Little Minx. She’s been naughty since day one.

Little Minx. She’s been naughty since day one.

They have such distinct personalities. Little Minx, the only girl, is constantly competing with Charlie for the naughtiest kitten award. She’s a cuddler, but only on her terms. She makes up for it by having the loudest purr imaginable and striking blue eyes. 

Charlie has decided that I’m his human. His spunky little kitten self is never far from me. I think he’s trying to compensate for being named last. He’s also very likely found his permanent home with me; I don’t think I can give him back. 

His brother Oreo could be a twin to him. His purr is quiet, and this affectionate little guy loves to climb everything. He also likes to try to eat my roommate’s bunny’s hay if I’m not looking. He’s been known to climb on the bunny’s cage to try and make friends, a trick that he taught all of his siblings. Our bunny is not interested in friendship and thumps to show his displeasure at the intrusion. 

The smallest, littlest one is named Albus after Albus Dumbledore. He’s the best behaved out of the four. He loves our fuzzy teal blanket and is content to just cuddle with me or my roommate. He’s also getting over a kitten cold, poor little guy. His sneezing fits are so funny, though, that we can’t help but laugh.
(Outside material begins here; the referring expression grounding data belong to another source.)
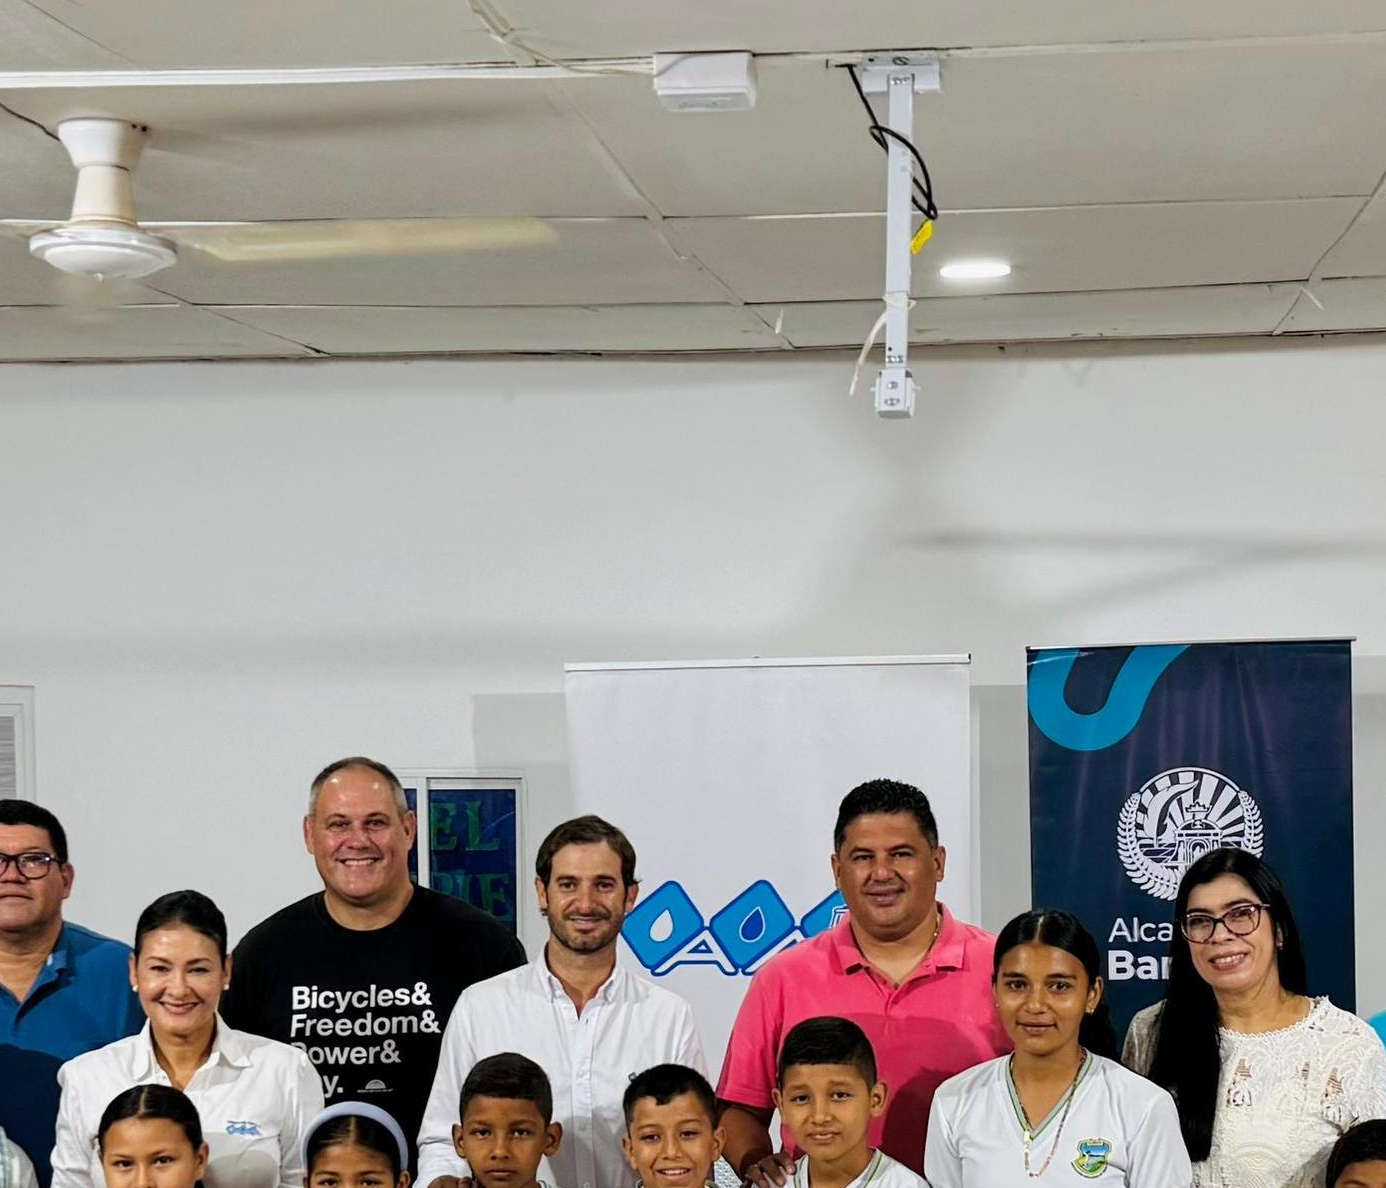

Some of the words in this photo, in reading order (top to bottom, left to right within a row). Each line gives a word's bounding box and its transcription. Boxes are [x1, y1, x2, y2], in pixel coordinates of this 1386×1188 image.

[1108, 917, 1173, 943] Alca
[1108, 949, 1173, 981] Bar
[292, 981, 433, 1014] Bicycles&
[290, 1009, 442, 1038] Freedom&
[322, 1075, 344, 1099] y.
All four have unanimously decided that my chest and shoulders are the safest, most comfortable places in the world to relax. My lap simply won’t do. Occasionally the cute little monsters get caught in my hair, and I’m left trying to wrestle a snagged paw off the back of my head while trying to not hurt them.
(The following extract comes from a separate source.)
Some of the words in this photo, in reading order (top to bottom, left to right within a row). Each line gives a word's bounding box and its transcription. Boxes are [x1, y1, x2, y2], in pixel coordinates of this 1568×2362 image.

The humane society I’m fostering from has been incredibly supportive. Any questions I have, they answer promptly. They are the largest shelter in my state, so they get all the animals that no one really wants, mostly "bully breed" dogs and cats. They really care about their animals. 
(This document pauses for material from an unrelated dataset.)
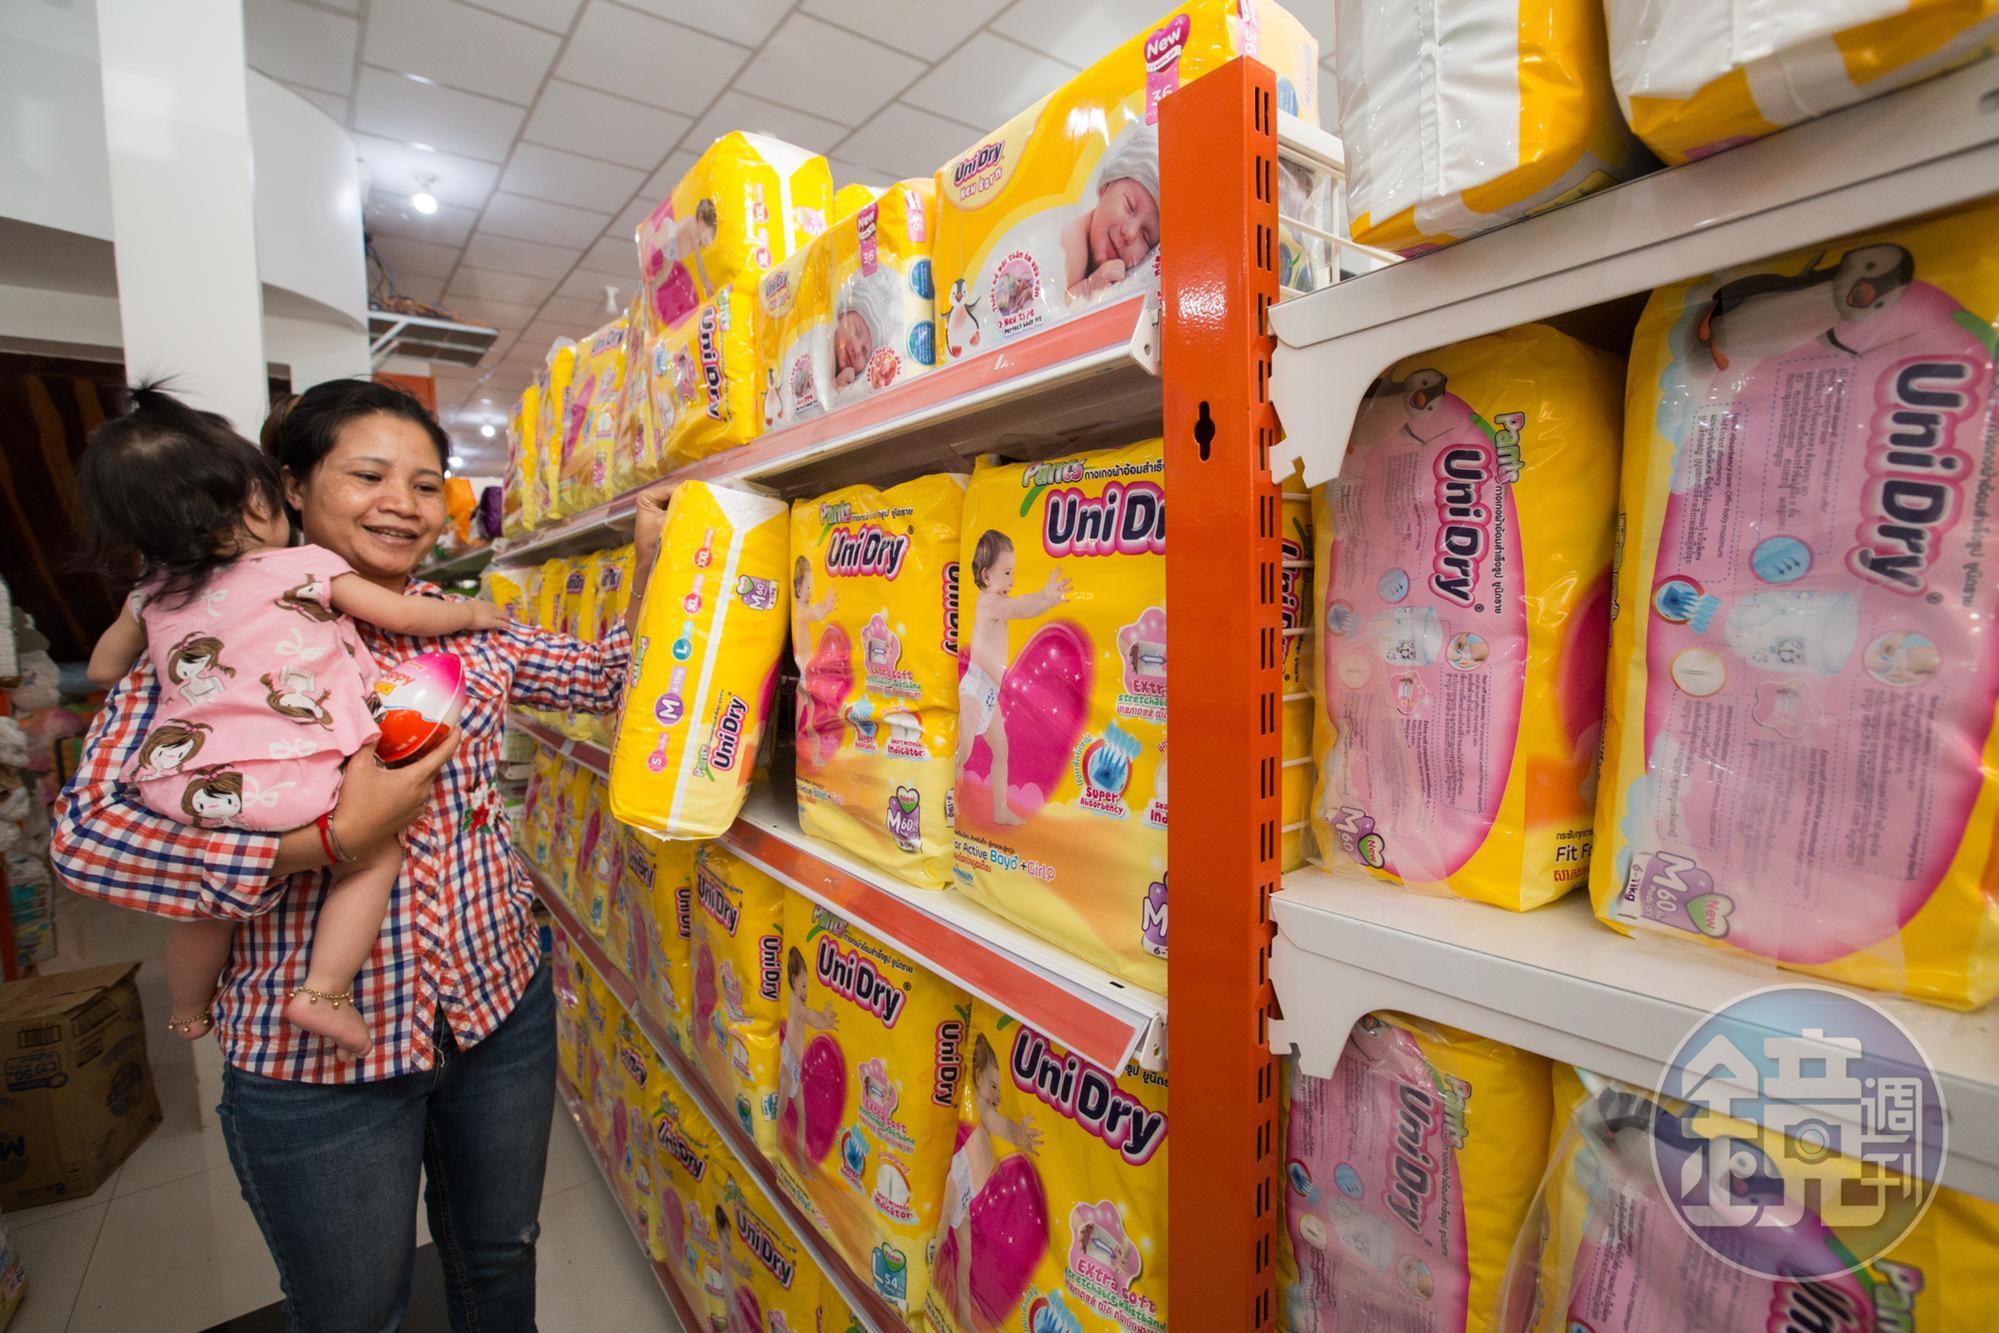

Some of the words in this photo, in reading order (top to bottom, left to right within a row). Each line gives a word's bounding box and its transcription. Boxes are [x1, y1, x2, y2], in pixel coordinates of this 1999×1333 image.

I’m happy to contribute in any way I can. By socializing little Minx, Charlie, Oreo and Albus, they will be happier and healthier kittens when they go out on the adoption floor. This increases their chances of finding a forever home.

The greatest lesson I’ve learned about living with mental illness is you have to take an active part in the healing process. Inspirational Internet messages never really helped me battle my depression, but they were right about one thing. Life really can be amazing, even with mental health issues. 

Life can be filled with warmth and laughter. Especially when it comes in the form of a two-pound kitten purring on my chest.